Viewpoint - The Government needs to simplify environmental laws, writes Paul Reeves

ENVIRONMENTAL issues present both challenges and opportunities for construction companies of all sizes. We hear a lot about sustainability and you can bet we are going to hear a lot more. But everyone needs to wake up to the practical issues that fall out of the sustainability agenda. WEEE (waste electronic and electrical equipment) regulations, the tough new rules on hazardous waste and Part L of the Building Regulations, are the direct result of Government efforts to boost sustainable business activity.

There might be an award for whoever comes up with a better word for 'environment', but it's probably not 'green'. It has all sorts of political connotations, and to many managers it still conjures up well -meaning but tree hugging activity.

Yet the biggest and best names in contracting can see the brand value, and operational savings, that come from top-flight environmental performance. Even a small business that can sport some environmental know-how is likely to be better placed in the market.

When was the last time you came across a green 'cowboy' contractor? All sorts of clients have picked up on this when they ask their pre-tender questions.

Construction is under the spotlight as a sector that needs to design and procure to reduce environmental impacts, and do more with less. The Government will use the big sticks of taxes and the law to encourage a change in behaviour, but there are very nice carrots lying around. Consider Envirowise', the Governmentbacked scheme that offers construction businesses a free environmental 'health check' that shows how to save money, usually with 'no to low' payback time.

Too good to be true? Not this time ? improvements in resource, waste and energy use put cash straight on the bottom line and contacting Envirowise could be one of the best calls you make this month.

But one thing that is undermining the push towards sustainability is environmental legislation itself. It looks like it has been drawn up by lawyers, for lawyers, rather than the companies that need to implement it.

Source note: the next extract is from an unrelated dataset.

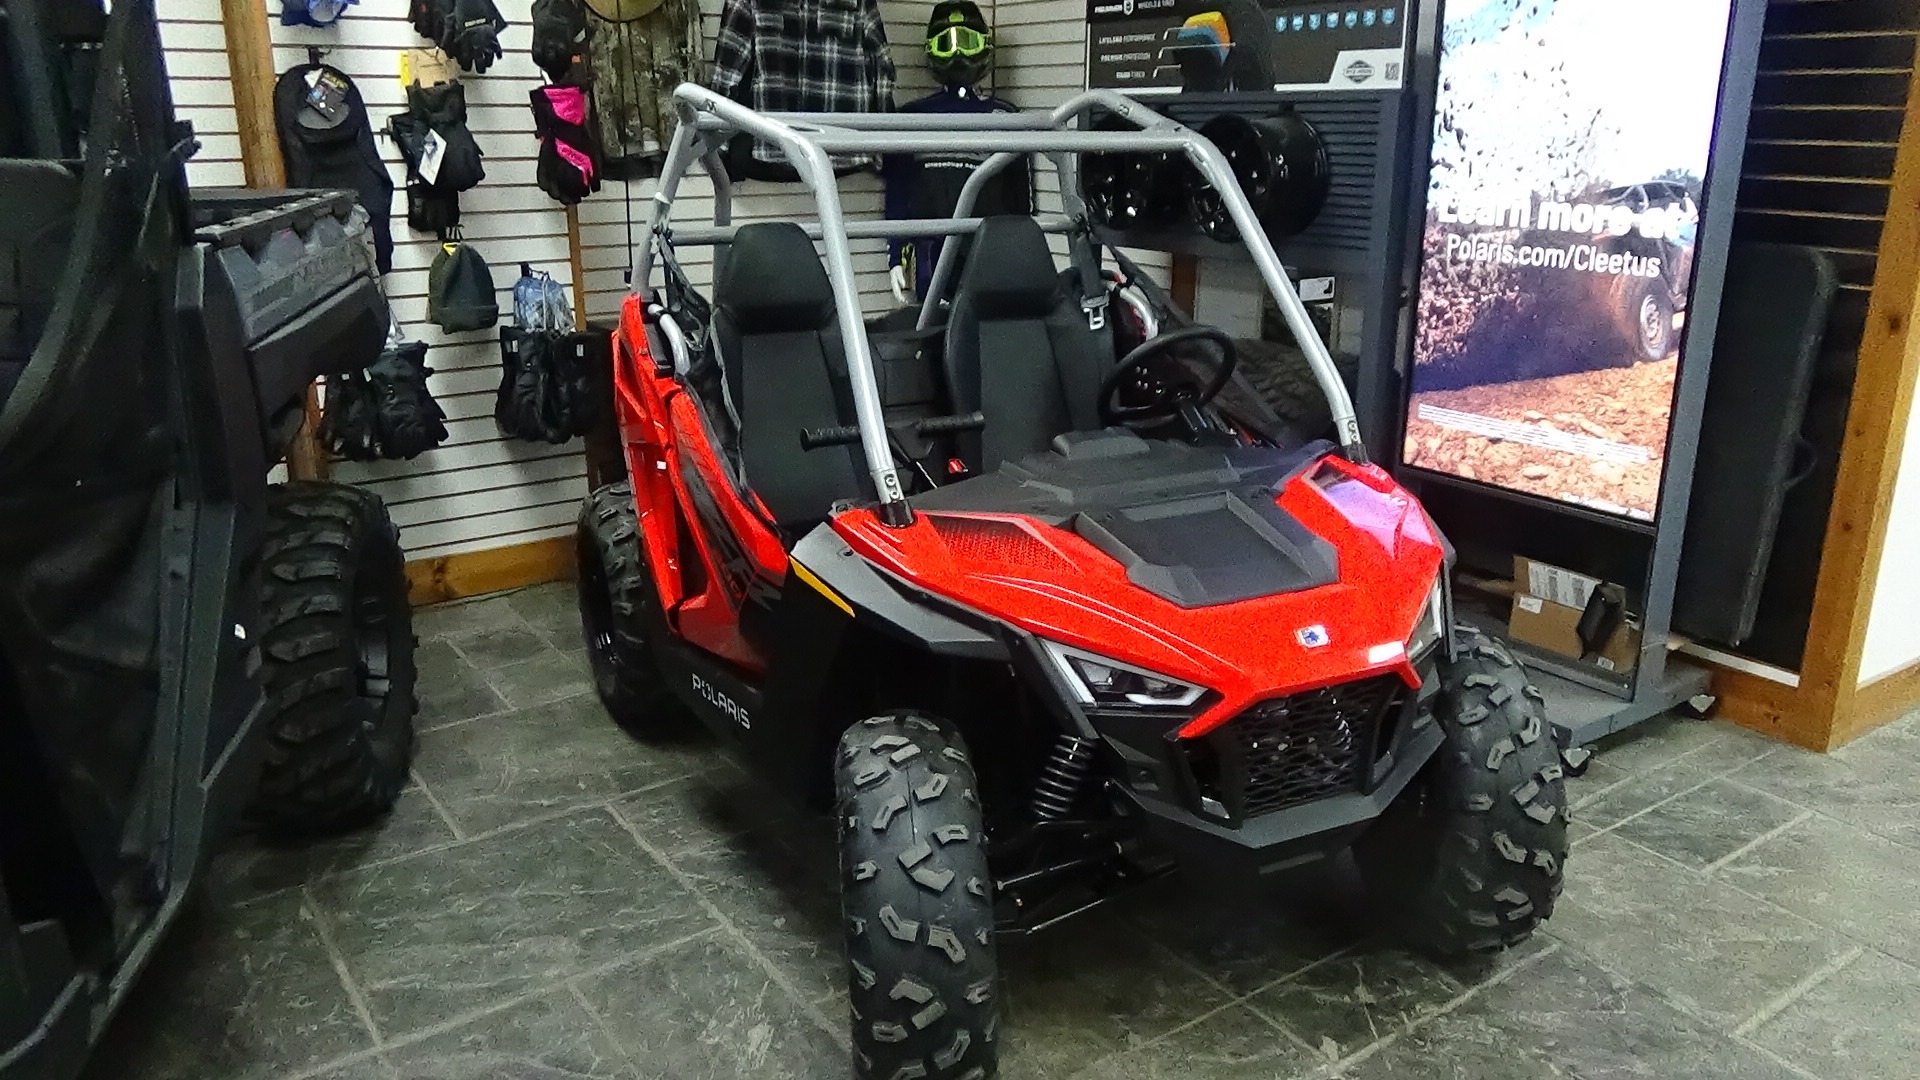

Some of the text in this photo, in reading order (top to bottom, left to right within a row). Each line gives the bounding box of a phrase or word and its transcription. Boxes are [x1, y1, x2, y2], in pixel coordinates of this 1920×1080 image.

Waste in particular is presenting practical problems for companies who want to comply but can't make head or tail of it. Hint to the Government ? environmental law should be easy to understand, not hard, and right now it is tough going.

Having unleashed the hazardous waste regulations on us earlier this year, DEFRA has just embarked on a full-scale review of the 'duty of care' and waste carrier regimes. In theory, this is a chance to start fixing the problem but the precedents aren't good. The current system has small companies leafing through Annexes in the Hazardous Waste Regulations to see if they can store old light fittings.

And still on the subject of waste, the WEEE regulations are expected in 2006. They aim to prevent waste electronic and electrical equipment from going to landfill by boosting recovery rates. While the regulations won't affect all contractors, companies who make this sort of equipment or just put their badge on bought-in components will take on some of the cost of recovering waste electrical equipment. Contractors' costs are also set to rise as equipment suppliers charge installers so they can cover their recovery obligations under WEEE.

Companies will no doubt muddle through somehow, but we should all push for legislation in plain English.

Business, and the environment, deserve nothing less.